We’re clinging to fantasies while the world crumbles. And we like it that way.

Andrew Nikiforuk 21 Aug

Andrew Nikiforuk is an award-winning journalist who has been writing about the energy industry for two decades and is a contributing editor to The Tyee. Find his previous stories here.

The stories we tell ourselves become the reality of our experience.

Global elites are now offering ordinary people two salvation stories for our digital entertainment.

Both delusional stories are being served on the Internet with bags of virtual popcorn.

One is the so-called Green New Deal, and the other is Business As Usual, which comes in both liberal and autocratic formats.

Both are actively competing for our attention.

Let’s begin with BAU, which now boasts a variety of populist variations.

At one level or another, we can all understand BAU’s alluring and simple call to restore greatness and order.

Think of it as Vladimir Putin, Doug Ford, Jair Bolsonaro, Andrew Scheer and Donald Trump doing a rain dance to bring back lost worlds and spent energies.

Or China’s Hong Kong establishment wondering what’s wrong with those young people in the streets.

Or Emmanuel Macron asking what the hell got into those yellow vest people marginalized by globalization and carbon taxes.

The BAU refrain is simple: trust the status quo and its armies of technocrats, because they’ll make things great again.

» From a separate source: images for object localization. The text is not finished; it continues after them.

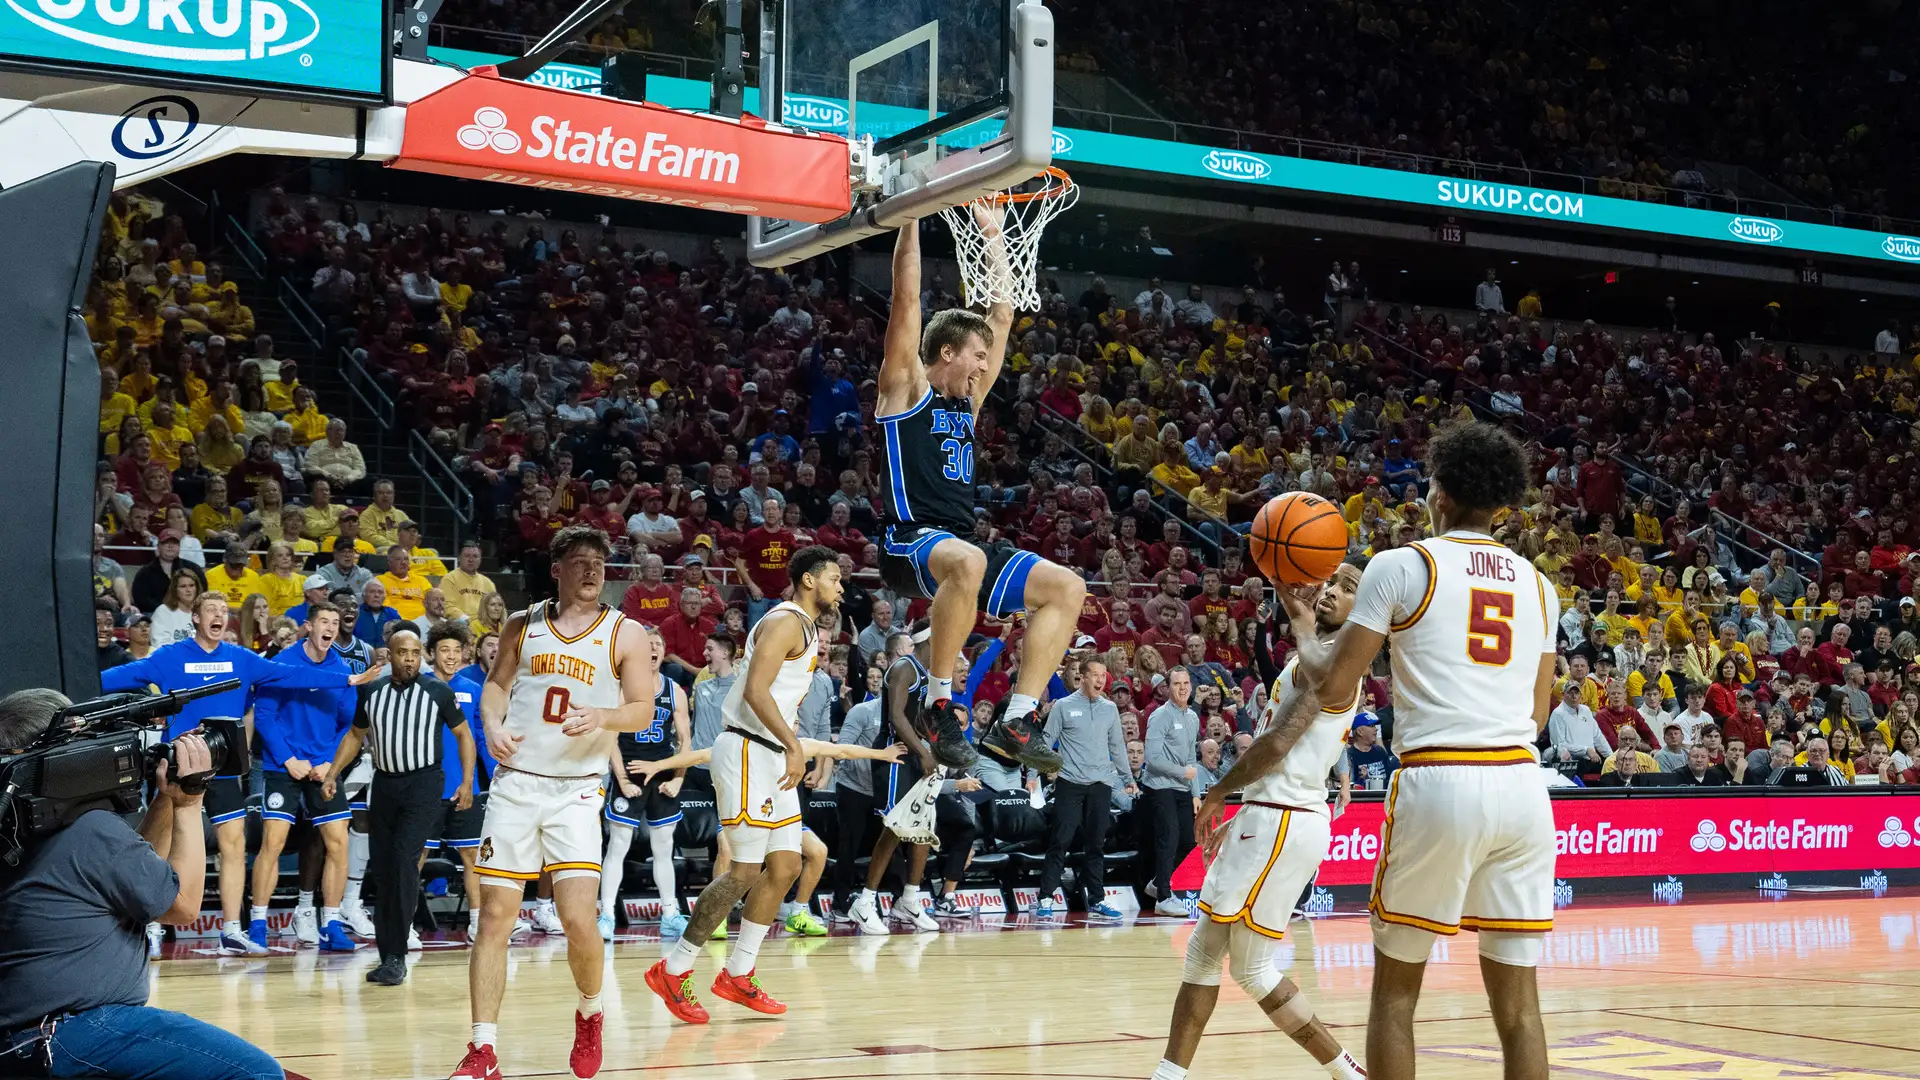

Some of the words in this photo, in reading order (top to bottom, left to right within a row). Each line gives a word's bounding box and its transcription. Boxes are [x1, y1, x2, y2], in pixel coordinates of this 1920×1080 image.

[1209, 150, 1264, 179] Sukup
[1437, 180, 1584, 218] SUKUP.COM
[1442, 228, 1461, 243] 113
[1733, 217, 1778, 242] Sukup
[1886, 236, 1920, 256] Suku
[1802, 270, 1818, 283] 114
[941, 438, 974, 484] 30
[1466, 550, 1516, 582] JONES
[1466, 587, 1515, 667] 5
[531, 652, 556, 676] IOWA
[557, 654, 596, 686] STATE
[542, 686, 571, 724] 0
[113, 743, 133, 752] ONY
[1795, 773, 1808, 782] POSS
[1653, 882, 1683, 892] LANDUS
[1759, 878, 1788, 888] LANDUS
[1860, 876, 1888, 886] LANDUS

The BAU crowd maintains that nothing is really wrong with our failing global economic Ponzi schemes or the broken air conditioning unit that controls the climate.

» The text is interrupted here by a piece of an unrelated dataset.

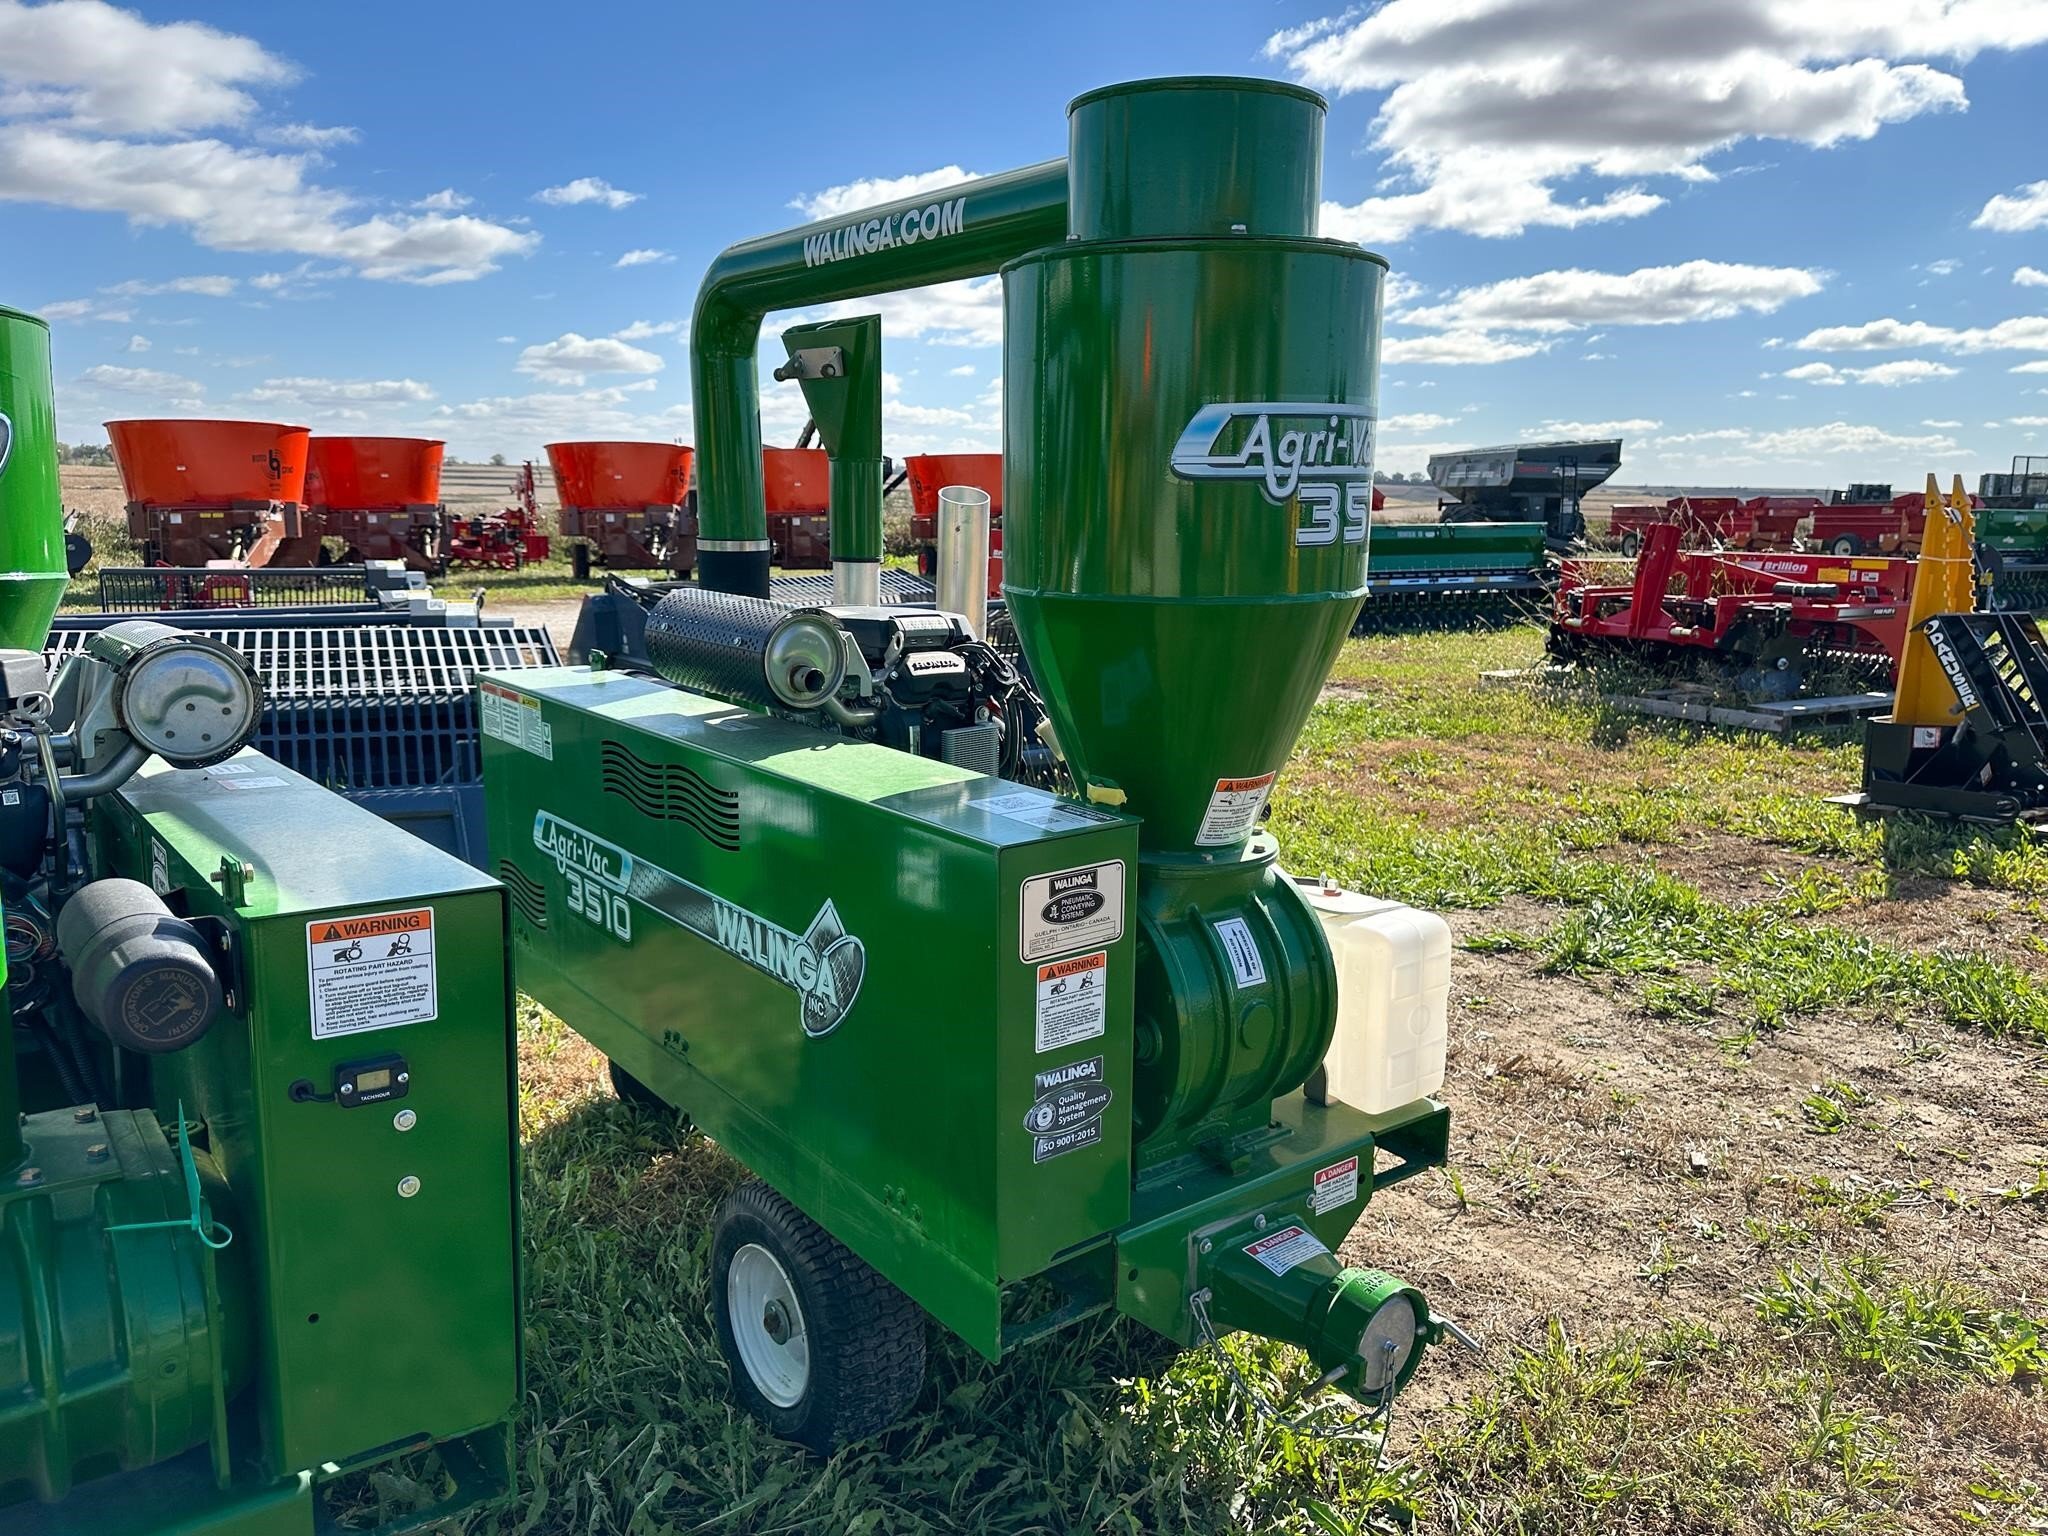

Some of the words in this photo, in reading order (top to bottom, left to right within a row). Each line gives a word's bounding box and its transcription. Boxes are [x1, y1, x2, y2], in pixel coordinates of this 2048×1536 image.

According to the BAU crowd, there is only one route to greatness: we must deregulate and reduce taxes for the rich in order to promote growth and jobs.

The BAU program also encourages citizens to attack its critics, climate migrants, scientists or anybody else who questions the insanity of its approach.

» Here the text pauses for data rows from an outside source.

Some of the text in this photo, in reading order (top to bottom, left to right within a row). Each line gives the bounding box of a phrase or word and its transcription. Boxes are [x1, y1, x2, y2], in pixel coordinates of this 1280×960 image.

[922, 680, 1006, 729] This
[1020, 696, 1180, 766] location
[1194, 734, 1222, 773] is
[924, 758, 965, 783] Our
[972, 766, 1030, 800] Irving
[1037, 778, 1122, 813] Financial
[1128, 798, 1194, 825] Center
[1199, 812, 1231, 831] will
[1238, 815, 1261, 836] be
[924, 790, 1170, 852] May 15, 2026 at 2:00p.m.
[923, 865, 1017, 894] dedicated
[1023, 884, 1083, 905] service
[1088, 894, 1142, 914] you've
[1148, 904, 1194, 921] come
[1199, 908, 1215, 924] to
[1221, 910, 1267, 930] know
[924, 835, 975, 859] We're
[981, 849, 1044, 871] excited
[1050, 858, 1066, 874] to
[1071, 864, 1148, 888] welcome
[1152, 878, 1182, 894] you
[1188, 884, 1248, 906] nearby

According to BAU proponents, ungrateful people are making it impossible to achieve its real greatness.

That’s one popular denial narrative, and most of the media tends to parrot it. In a technological society, the media builds consent by serving the powerful.

Next comes the Green New Deal. Fashioned after U.S. president Franklin Roosevelt’s economic new deal, the GND says that BAU stinks.

Climate change poses an “existential threat” to civilization (as if biodiversity loss and exponential population growth don’t), and fossil fuels are the enemy.

It proposes a Second World War-scale mobilization to fix the problem.

Proponents of the GND claim they have a plan to transform the globe’s massive fossil fuel infrastructure into 100-per-cent renewables over the next decade.

In just 10 years, they say, we can pivot (a favourite word for elites these days) to a greener and saner world than the one based on a century of fossil fuel reliance.

The GND movement says it will drive carbon emissions down toward zero with the goal of thwarting rising seas, maverick storms, heat waves and ocean acidification.

In the process, the GND aims to employ lots of people, end poverty, and perhaps racism too.

To appreciate the ambitious scale of the GND, consider the real global energy picture as set out by Tad Patzek, a professor of petroleum and chemical engineering in Texas.

If we divide the days of the year up based on total energy use, he writes, fossil fuels — oil, coal and natural gas — powered the globe for 321 days in 2018. (Fossil fuels provide more than 80 cent of the energy we consume.)

Dams and nuclear power kept the lights on for 15 days.

Renewables or repeatables (solar panels and wind turbines need to be replaced every 50 years or so) only energized the globe for about 29 days. And most of that energy came from biomass or wood burning.

The GND wants to turn 29 days into 321 days of primary power — in a decade.

But here’s the thing. According to Patzek, annual increases in the total amount of energy consumed by the world has consistently been greater than electricity production by all solar photovoltaic arrays in the world.

Electrical demand is rising faster than the increase in production from renewables, which explains why fossil fuels have supplied more than 80 per cent of primary global energy demand for decades with little or no change.

So that’s the choice at your local political theatre. BAU promises a magical future, with some robots and drones thrown in. GND sets out energy goals that could only be possible in some sort of Marvel superhero movie.

People are lining up behind these simple narratives because the human brain can’t handle much complexity.

And the real unfolding drama — the collapse of a global civilization founded on a highly material culture created by cheap energy — is not a narrative we want to tell ourselves or our children.

We are wired to deny reality the way warring spouses can steadfastly ignore the absence of love.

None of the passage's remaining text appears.